Guess where I’m going this weekend!
Okay, that’s a lie. I’ll be going near Disneyland to visit family who actually are going to Disney. It just sounds more exciting to say I’m going there. I’ve actually never been to Disneyland before. I’ve been to DisneyWORLD twice in my life, but that’s all. Just enough to know I need to go back.
As for this lovely day of Fri, I am going running at a nearby track with Matt and a friend in a few hours. Except, I’ll be doing my own slow thing, and they’ll be hauling arse. Let’s hope it doesn’t rain though. It’s been on and off pouring all day. I’m totally fine with it pouring the rest of the time, just not while I’m running. Too cold out.
Speaking of running…
Ever since I finished my marathon, I’ve felt really lucky to have trained without experiencing any injuries.
When training for such a long period of time, it’s easy to overdo it and get hurt. That’s why I want to share the precautions I took in order to prevent injury. Some of them I learned the hard way—others I incorporated right away because I knew they would help keep my body healthy during the long process.

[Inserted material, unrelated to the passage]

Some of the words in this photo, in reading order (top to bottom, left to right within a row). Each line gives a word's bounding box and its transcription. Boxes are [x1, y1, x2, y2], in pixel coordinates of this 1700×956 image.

Learned this one the hard way. I’ve always stretched, but I never did it very thoroughly until I ran my half marathon during college. I had a lot of pain around my knee and didn’t realize it could be fixed by simply stretching my IT band until the end of my training. Now I make sure I stretch as much as I can to prevent injury. I wrote a post about dynamic and static stretching if you want to learn more!

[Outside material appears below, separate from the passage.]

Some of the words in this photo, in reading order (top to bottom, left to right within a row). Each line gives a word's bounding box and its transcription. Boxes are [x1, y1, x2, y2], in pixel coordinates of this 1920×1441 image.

Try hiking, biking, circuit workouts, or whatever your heart desires, It helps to do more than just run when you’re training. By using different muscles, you’re giving others a chance to recover. I was running about 4-5 days a week during my marathon training, but the off days and my easier running days were usually spent doing some sort of circuit workout that I either found on Pinterest or created myself.
Through my circuit workouts, I always tried to incorporate some sort of body weight or dumbbell weight exercises. Not only will lifting weights help you become a better runner, it’ll decrease your risk of injury. Stronger muscles give much needed support to your joints that are under a great deal of stress during running (i.e. ankles, knees, hips). On her blog Fitness Perks, Annette wrote a great article awhile back about weight training while training if you want to check it out!
Listen to your body.
If you’re feeling more pain (not just soreness) than usual, take it as a sign that something is wrong or should be changed. I know my feet were really starting to hurt about 2 months before my marathon. I ended up getting new shoes, and it made a huge difference for me. I also encountered a lot of hip soreness throughout my training, so I am still making an effort to stretch my hips often. I’d like to avoid that whole hip bursitis thing that I’ve heard of runners getting. (If you’re curious how to avoid it as well, Julie from PBFingers wrote a post about it with lots of great hip stretches.)

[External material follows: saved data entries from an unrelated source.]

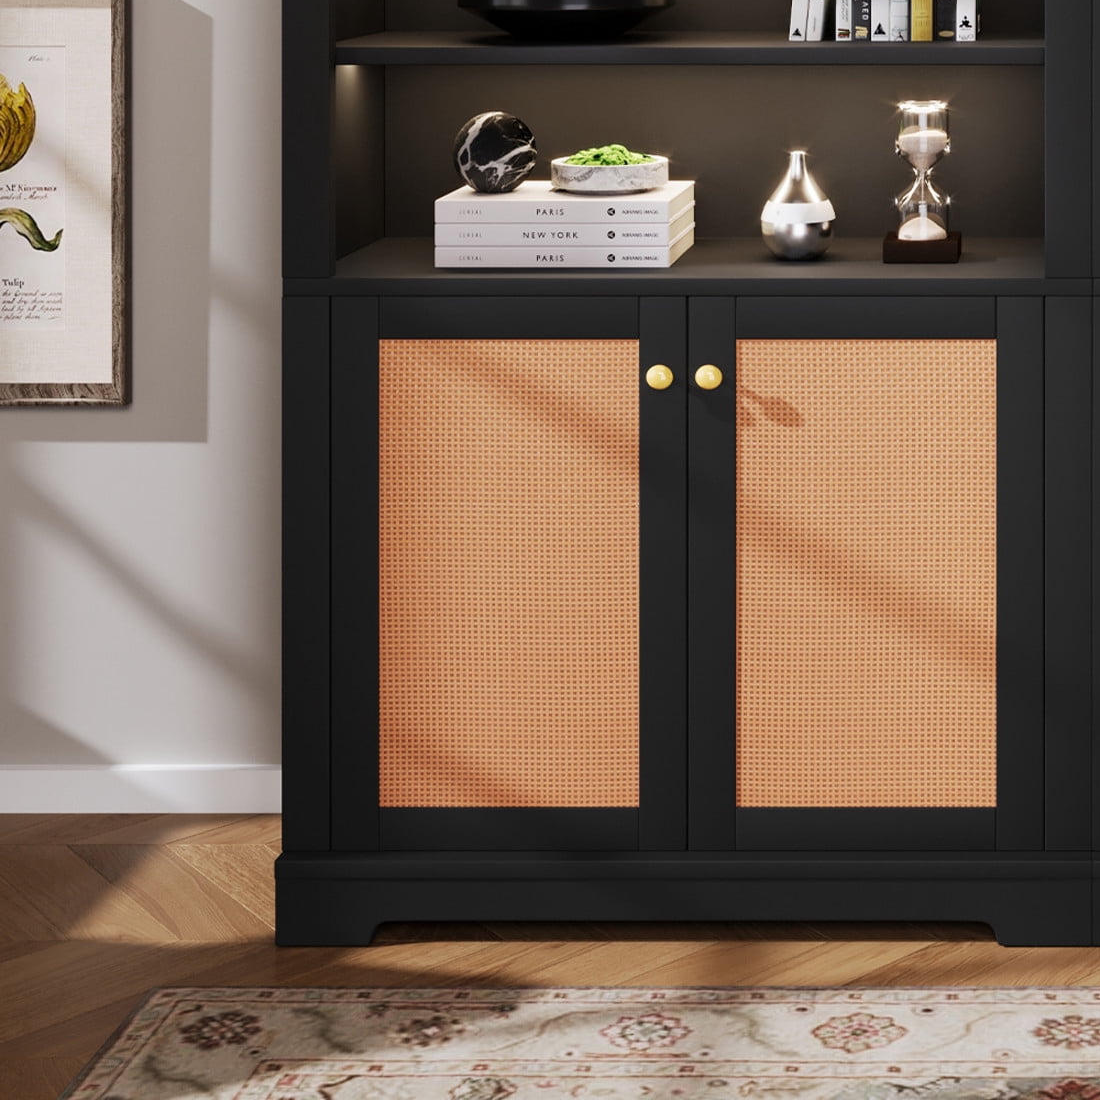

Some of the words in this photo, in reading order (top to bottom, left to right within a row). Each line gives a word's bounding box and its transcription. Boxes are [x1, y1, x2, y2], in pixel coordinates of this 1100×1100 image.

[536, 208, 565, 216] PARIS
[522, 231, 546, 239] NEW
[551, 231, 579, 239] YORK
[536, 254, 565, 262] PARIS
[2, 278, 25, 289] Tulip
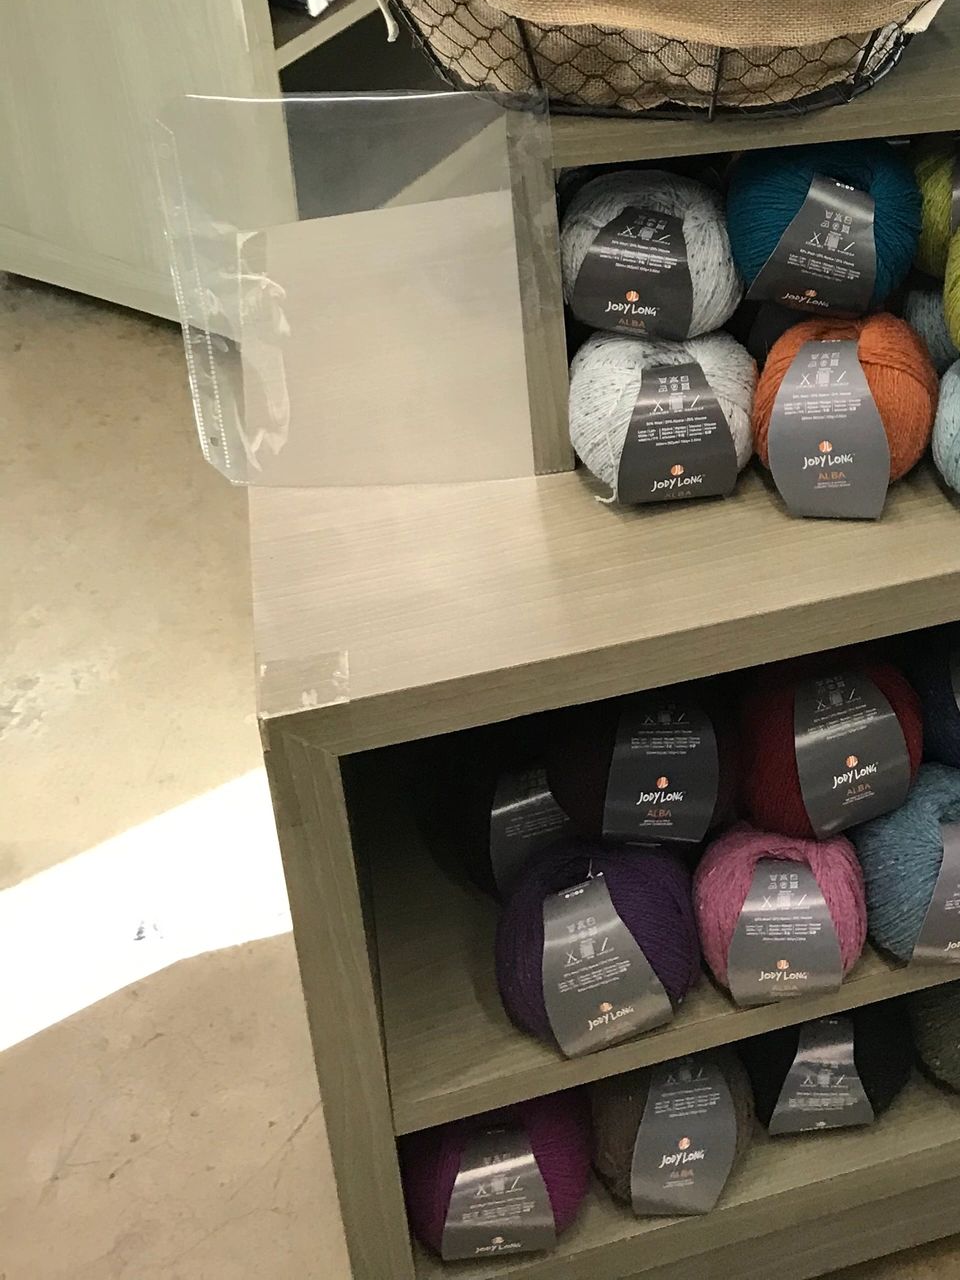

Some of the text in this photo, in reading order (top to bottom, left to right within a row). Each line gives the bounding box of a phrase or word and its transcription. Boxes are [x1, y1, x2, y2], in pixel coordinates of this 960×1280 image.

[605, 301, 657, 316] JODY LONG
[802, 454, 852, 470] JODY LONG
[651, 475, 702, 492] JODY LONG
[832, 763, 876, 790] JODY LONG
[636, 792, 684, 806] JODY LONG
[758, 971, 808, 982] JODY LONG
[588, 1006, 634, 1031] JODY LONG
[658, 1149, 705, 1168] JODY LONG

Take easy days and rest days.
Once upon a time, I heard an Ironman triathlete say that a problem so many people struggle with when training is the fact that they’re going hard every. single. day. It makes it difficult to improve and burns you out on the sport pretty fast. Sometimes we’re motivated and want to become better athletes ASAP, but taking easy days as well as rest days are crucial. Our muscles need a chance to recover and get stronger. During my training, I tried not to have too intense of runs two days in a row. If you check out my training schedule or daily workout log, you’ll see that I usually ran my long runs followed by a recovery run the next day. That way, if I wasn’t doing a challenging run, I was at least getting my legs moving and building up my base mileage. I also made sure to have at least one or two rest days a week (it was a nice mental break as well).
Overall, I’d say the most effective methods I incorporated to prevent injury were 1. thoroughly stretching after every single run (okay, more like 90% of them—laziness got in the way sometimes) and 2. spending half of each week not pushing myself too hard in running.
The little things make a difference!
Hope you peeps have a wonderful weekend! (P.S. The season of peeps is coming up. Aka Easter. Mwahaha.)
Are you training for a race right now? Which one?
Any crazy/awesome plans for the weekend?
Are you a lover of Disneyland and/or world?